**Action item**
The copy you return must match the listing word for word and carry no pictures.

_ _ _ _ _

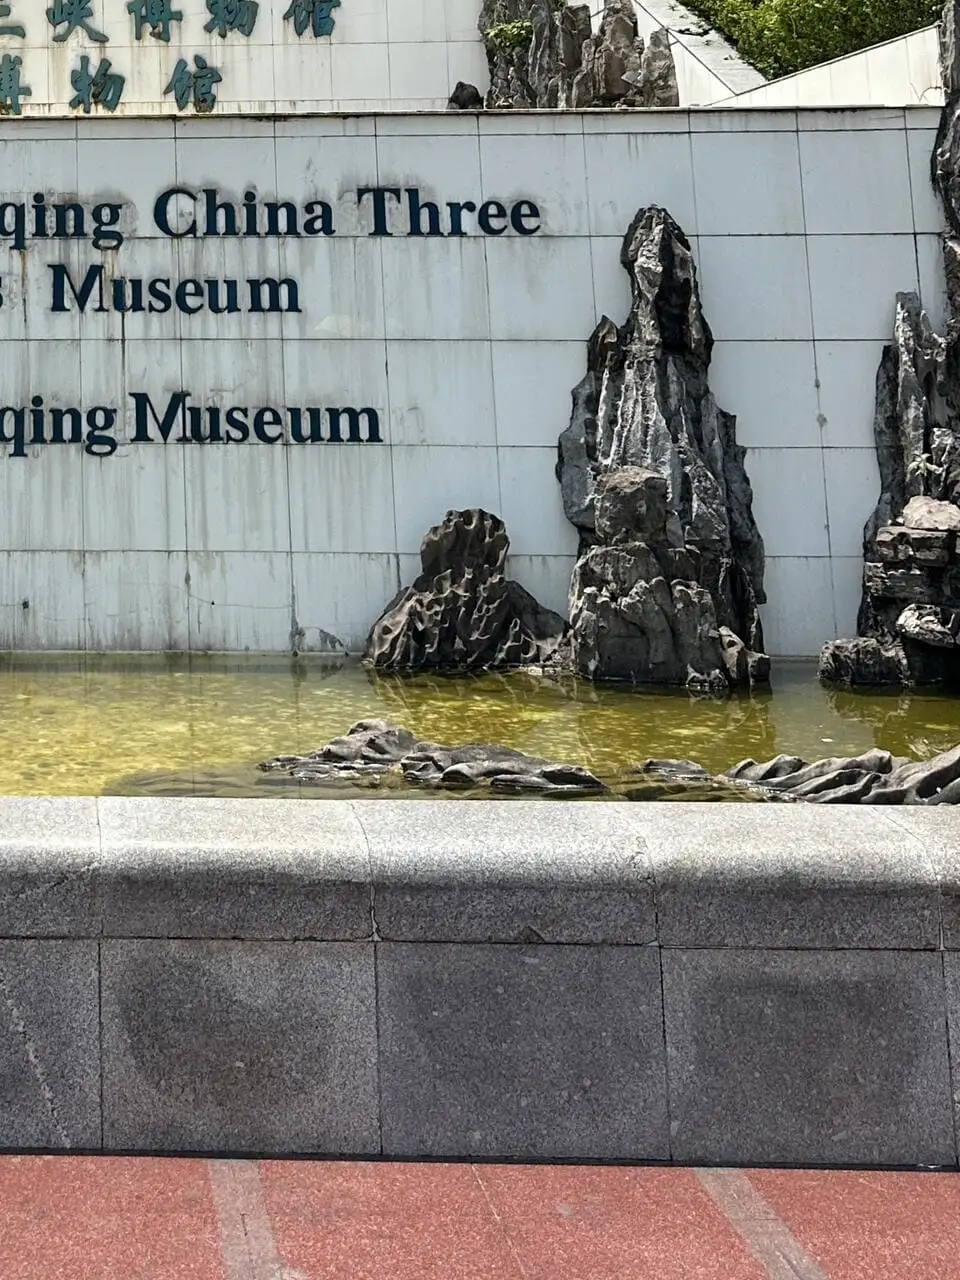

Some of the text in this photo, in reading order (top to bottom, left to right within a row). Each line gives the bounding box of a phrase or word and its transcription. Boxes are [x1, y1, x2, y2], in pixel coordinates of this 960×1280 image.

[154, 189, 336, 236] China
[358, 188, 542, 235] Three
[48, 264, 302, 312] Museum
[130, 392, 384, 443] Museum
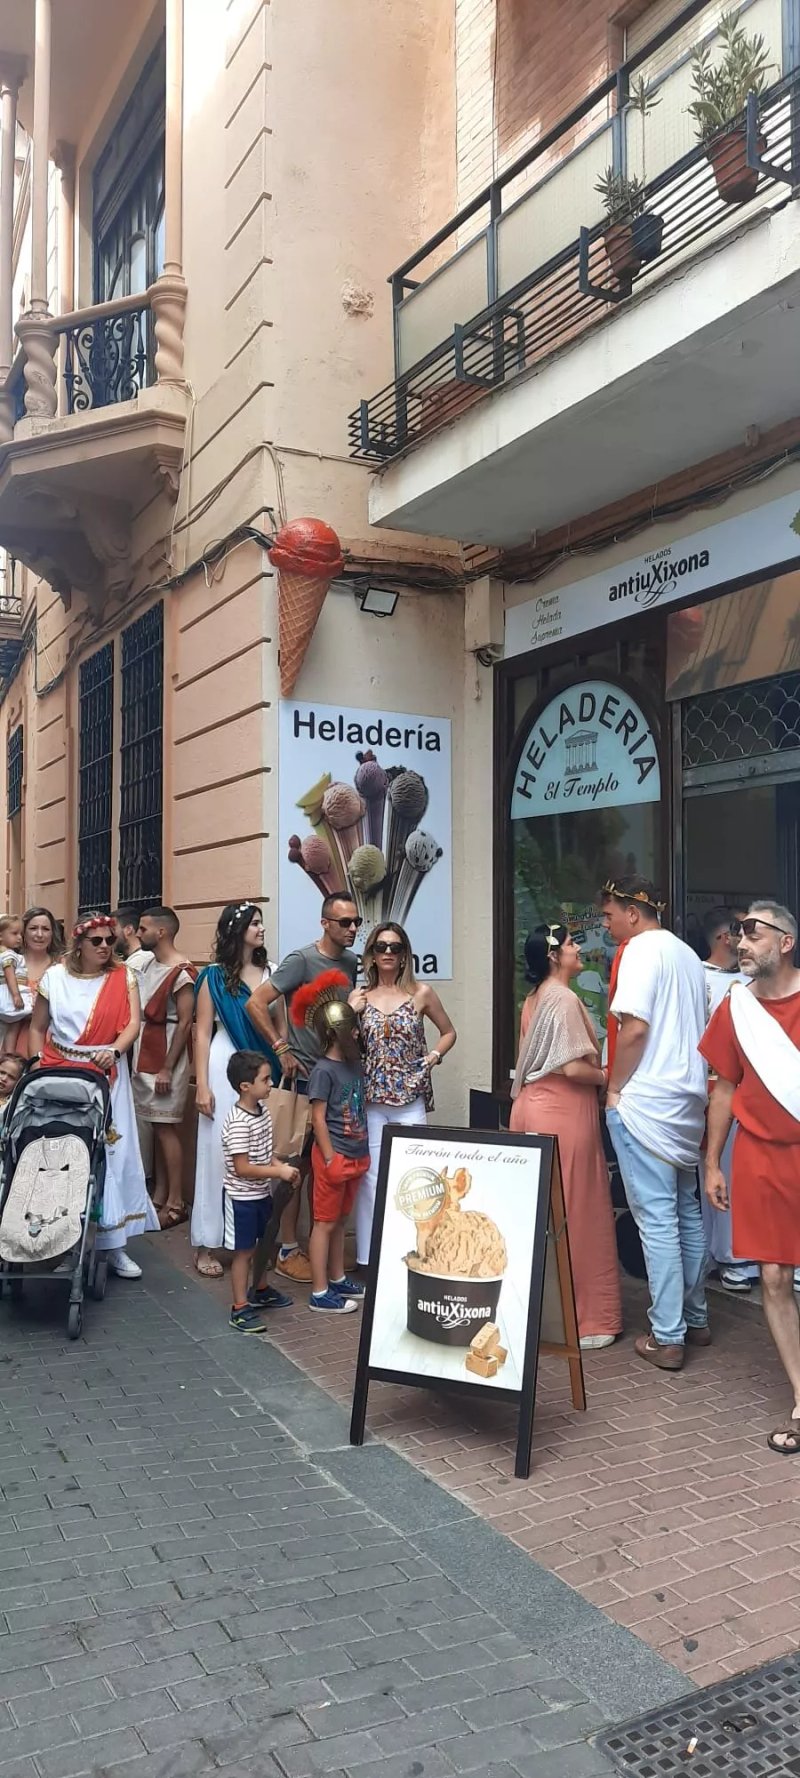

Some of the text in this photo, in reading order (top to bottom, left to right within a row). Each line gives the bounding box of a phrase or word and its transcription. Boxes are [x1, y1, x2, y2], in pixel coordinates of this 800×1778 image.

[643, 547, 672, 564] HELADOS
[608, 549, 710, 608] antiuXixona
[293, 709, 441, 752] Heladería
[516, 692, 656, 799] HELADERÍA
[543, 771, 619, 801] El Templo
[454, 1149, 484, 1161] todo
[487, 1151, 502, 1162] el
[502, 1154, 528, 1165] año
[399, 1182, 445, 1206] PREMIUM
[417, 1298, 491, 1326] antiuXixona
[443, 1294, 468, 1303] HELADOS

_ _ _ _ _

**Finished task**
Some of the text in this photo, in reading order (top to bottom, left to right within a row). Each line gives the bounding box of a phrase or word and its transcription. Boxes are [x1, y1, x2, y2], in pixel coordinates of this 960×1280 image.

[154, 189, 336, 236] China
[358, 188, 542, 235] Three
[48, 264, 302, 312] Museum
[130, 392, 384, 443] Museum

Some of the text in this photo, in reading order (top to bottom, left to right within a row). Each line gives the bounding box of a phrase or word and its transcription. Boxes are [x1, y1, x2, y2], in pixel coordinates of this 800×1778 image.

[643, 547, 672, 564] HELADOS
[608, 549, 710, 608] antiuXixona
[293, 709, 441, 752] Heladería
[516, 692, 656, 799] HELADERÍA
[543, 771, 619, 801] El Templo
[454, 1149, 484, 1161] todo
[487, 1151, 502, 1162] el
[502, 1154, 528, 1165] año
[399, 1182, 445, 1206] PREMIUM
[417, 1298, 491, 1326] antiuXixona
[443, 1294, 468, 1303] HELADOS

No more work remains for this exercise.